*What the task requires*.
Your task is to transcribe all of the records exactly and leave out the pictures.

Referring expression grounding data
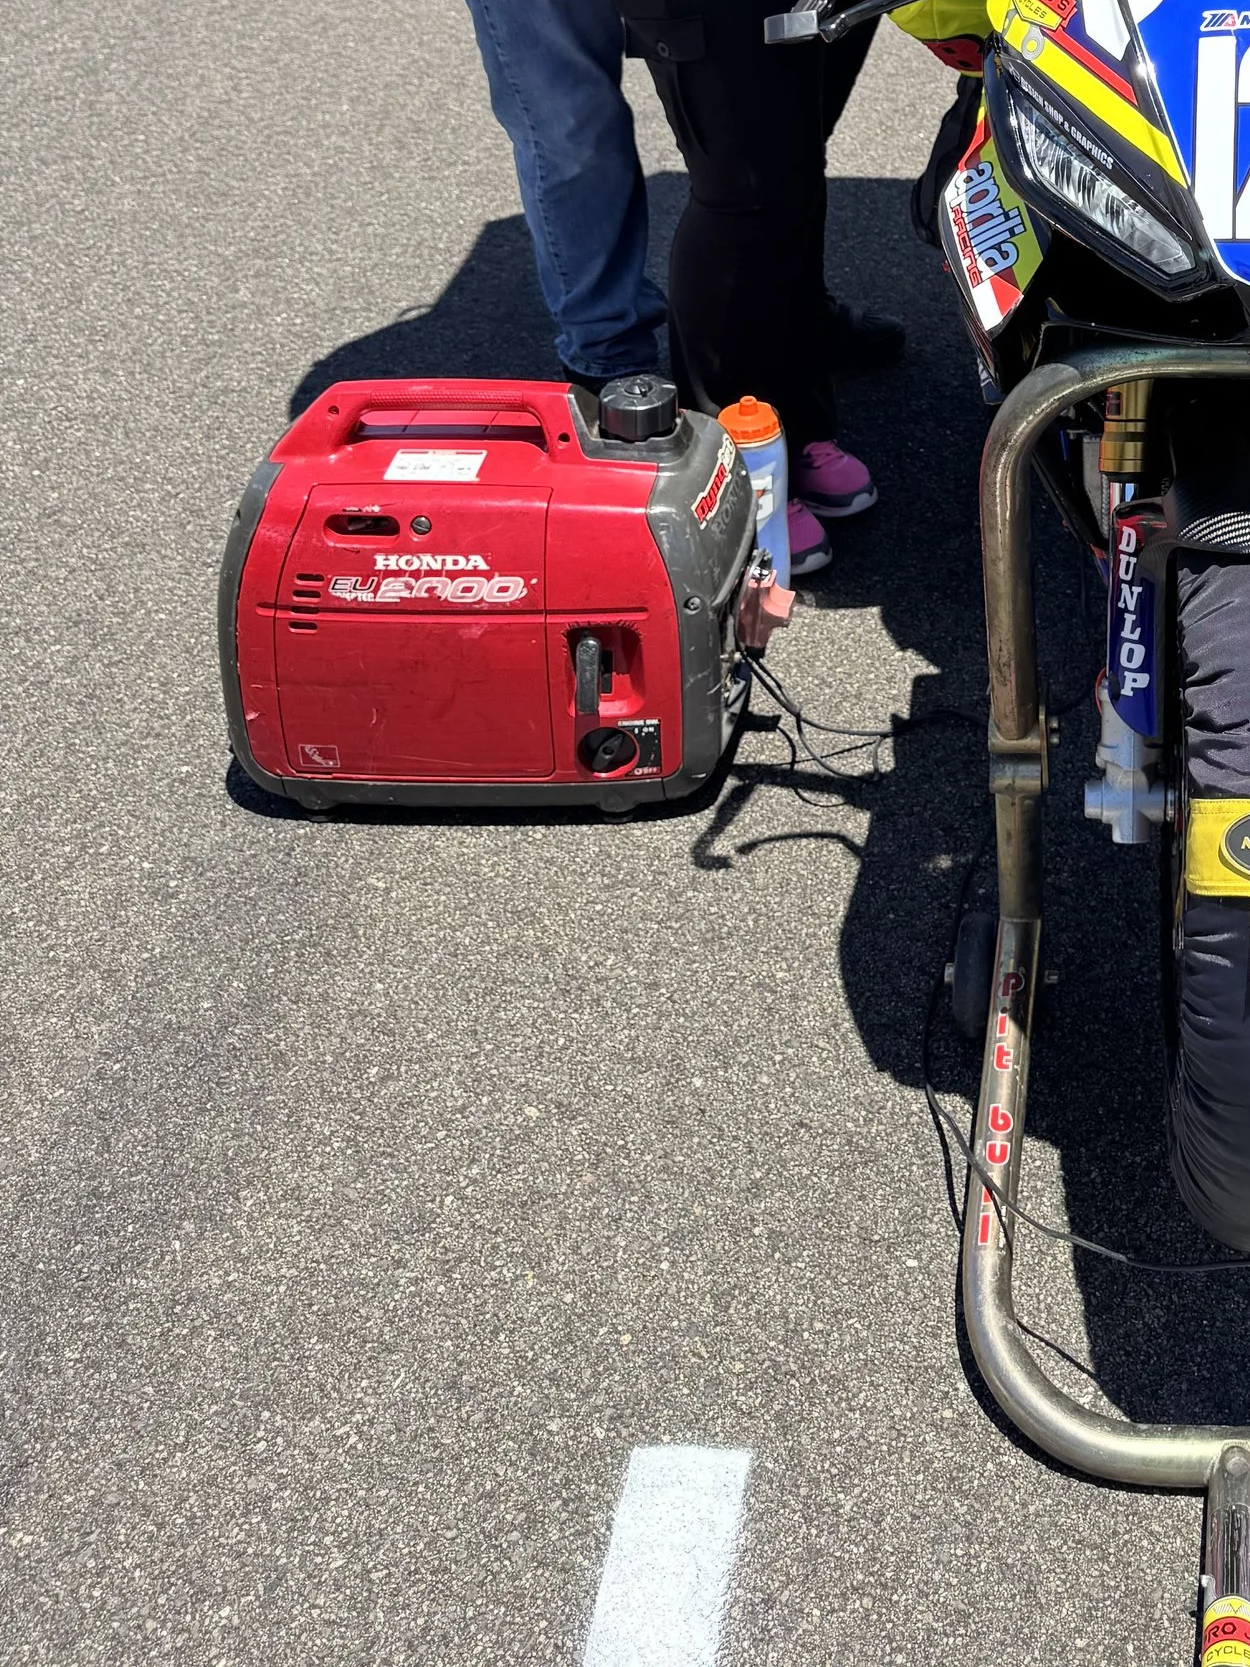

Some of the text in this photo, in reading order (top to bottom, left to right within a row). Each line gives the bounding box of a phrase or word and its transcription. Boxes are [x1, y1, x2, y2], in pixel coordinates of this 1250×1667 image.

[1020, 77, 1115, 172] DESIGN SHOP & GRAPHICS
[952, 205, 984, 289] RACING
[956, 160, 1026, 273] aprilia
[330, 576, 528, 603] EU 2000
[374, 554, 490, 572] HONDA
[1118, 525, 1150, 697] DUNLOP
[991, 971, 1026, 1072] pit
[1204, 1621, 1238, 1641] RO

*Reply*.
Some of the text in this photo, in reading order (top to bottom, left to right within a row). Each line gives the bounding box of a phrase or word and its transcription. Boxes are [x1, y1, x2, y2], in pixel coordinates of this 1250×1667 image.

[1020, 77, 1115, 172] DESIGN SHOP & GRAPHICS
[952, 205, 984, 289] RACING
[956, 160, 1026, 273] aprilia
[330, 576, 528, 603] EU 2000
[374, 554, 490, 572] HONDA
[1118, 525, 1150, 697] DUNLOP
[991, 971, 1026, 1072] pit
[1204, 1621, 1238, 1641] RO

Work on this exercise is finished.